En essayant aujourd'hui de retrouver exactement les impressions qui me saisirent devant les deux complices de Jacques Molan dans son jeu favori de l'amour sans cœur, je me rends compte que ma connaissance actuelle de leurs caractères influe sur mon souvenir de cette première rencontre. Je ne crois cependant pas donner à ce souvenir une retouche trop forte. Je m'entends encore, tandis que des applaudissements montaient de l'orchestre, sombre d'habits noirs, et descendaient des loges rayonnantes de toilettes, vers la petite Favier, oui, je m'entends disant à Jacques:

—«Tu choisis bien, quand tu t'y mets.»

—«On fait ce qu'on peut,» dit-il en hochant la tête.

—«Je me demande,» continuai-je, «avec des maîtresses de cette beauté-là...»

—«Une maîtresse,» rectifia-t-il. «Mme de Bonnivet n'est pas ma maîtresse.»

—«Pour ce que je veux dire,» repris-je, «cela revient au même. Je me demande donc comment tu t'arranges pour échapper à la chronique, au roman à clef, enfin à tous les jolis procédés de polémique habituels à tes confrères?...»

—«Je suis comme Proudhon,» répondit-il en riant, «de qui Hugo prétendait qu'il avait de la peau de crapaud dans sa poche.
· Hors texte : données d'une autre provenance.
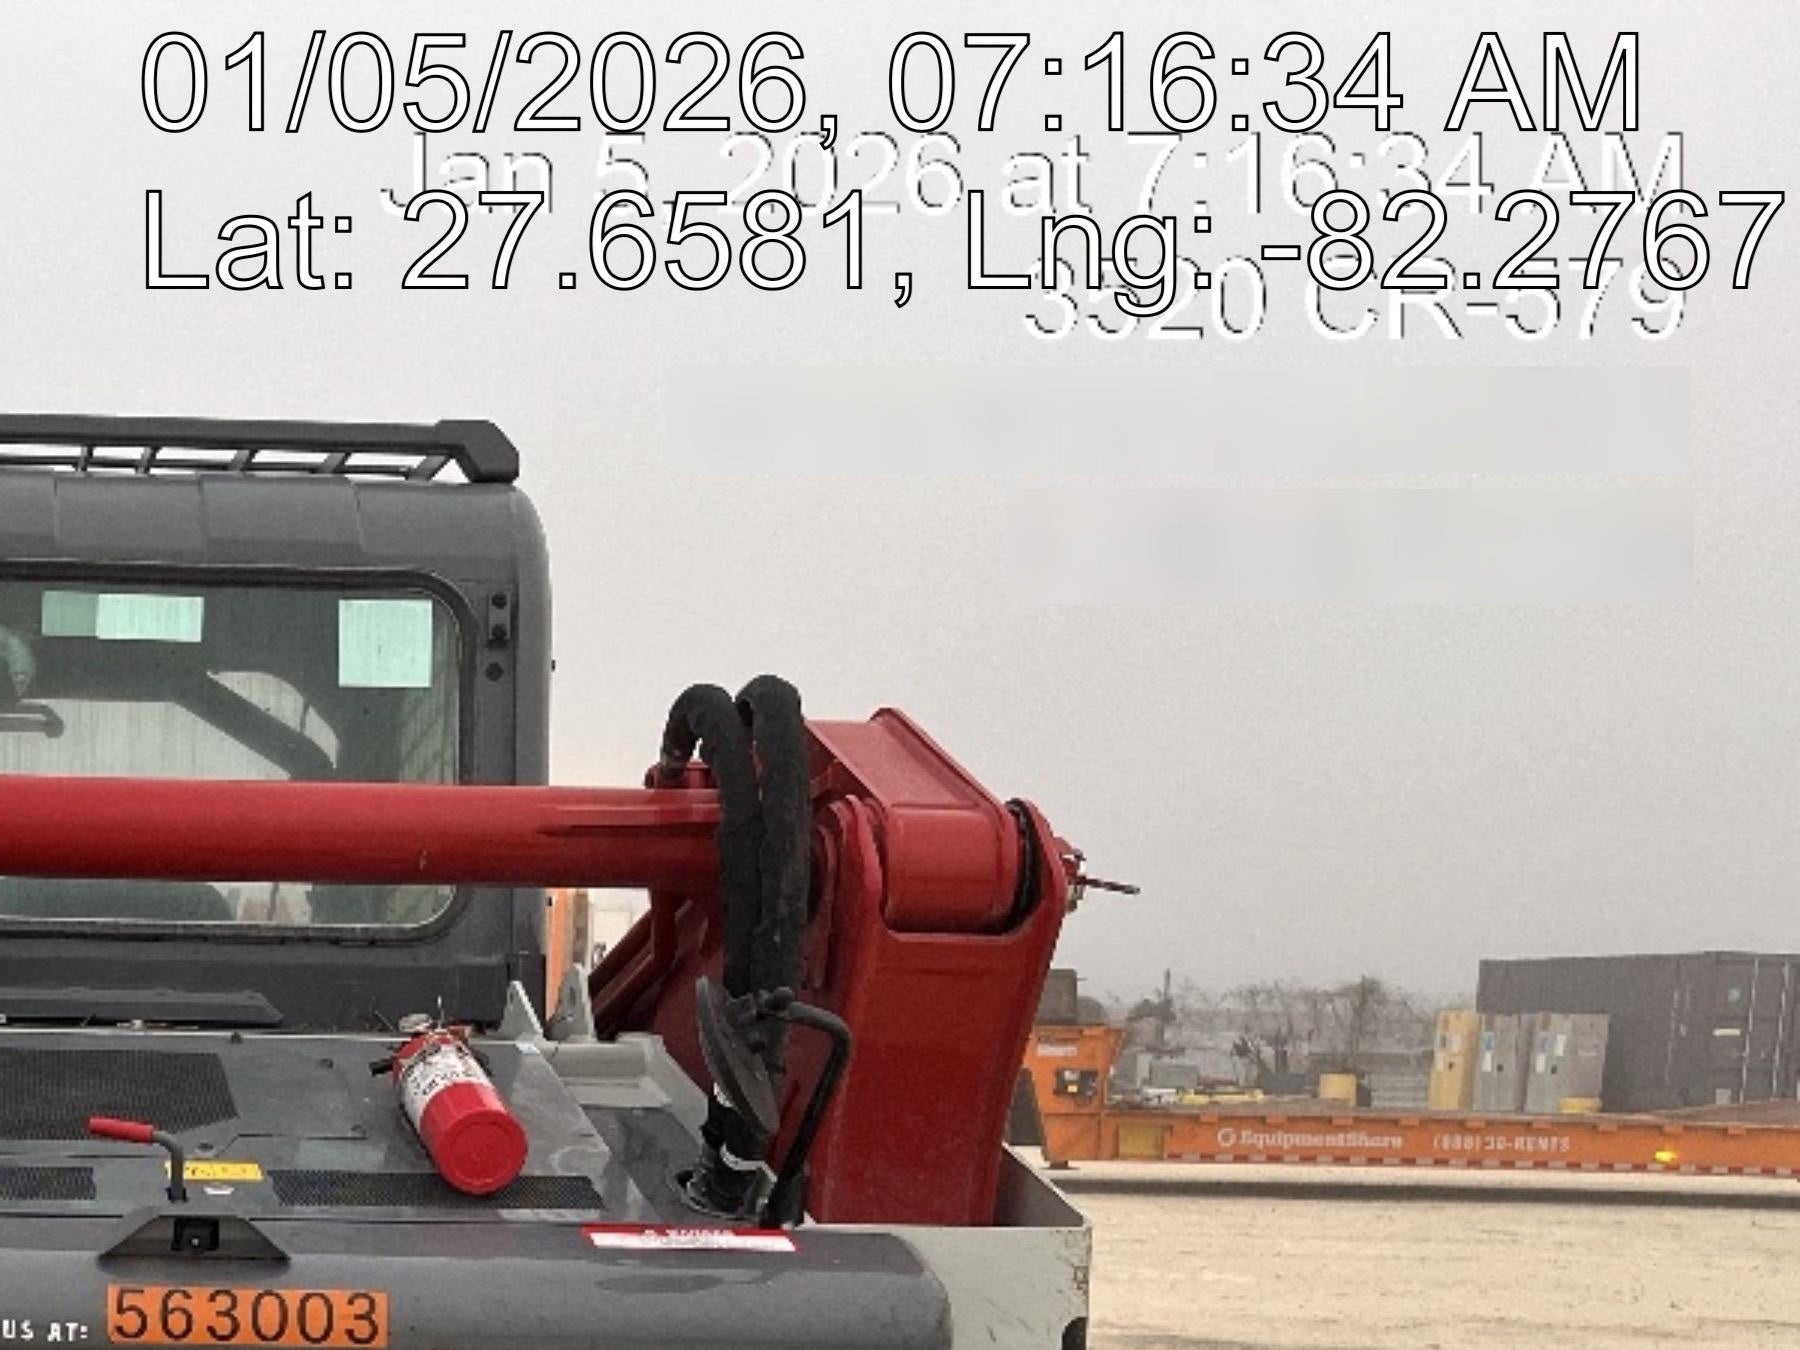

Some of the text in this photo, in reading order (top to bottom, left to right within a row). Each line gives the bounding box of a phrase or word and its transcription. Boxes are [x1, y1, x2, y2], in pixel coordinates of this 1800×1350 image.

Il paraît que ce talisman sauve de tous les dangers...»

—«Et tu crois que cette chance-là durera toujours?... Et puis, il n'y a pas que les confrères, il y a ces femmes elles-mêmes...»

—«Elles?» fit-il; «axiome, comme eût dit ce badaud de Larcher: une femme est le meilleur antidote contre une autre femme. C'est pour cela...»

Et le pommeau d'or de sa canne de jonc me montra la salle d'abord, puis la scène.

—«Et les vengeances de dépit? Et le vitriol et le revolver? Et le reste?... A ta place, il y a une de ces deux créatures à laquelle je ne me fierais pas.»

J'avais moi-même imperceptiblement tourné la pomme de ma canne du côté de la salle en disant ces mots, pour lui expliquer que je voulais parler de Mme de Bonnivet.

—«Vraiment! la belle reine Anne te donne l'impression, à toi aussi, d'un coquet oiseau de proie, d'un petit faucon rageur avec lequel il ne faudrait pas trop badiner... Hé bien! si tu veux,» continua-t-il en se levant, «l'acte est fini, je vais te présenter à l'une et à l'autre. C'est très drôle. Croirais-tu que, dans mes histoires, j'ai toujours plus ou moins besoin d'un regardeur. Quand on pense qu'il y a eu des sots pour blâmer, dans les tragédies classiques, l'emploi des confidents. A mon avis, il n'est pas de personnage plus naturel...»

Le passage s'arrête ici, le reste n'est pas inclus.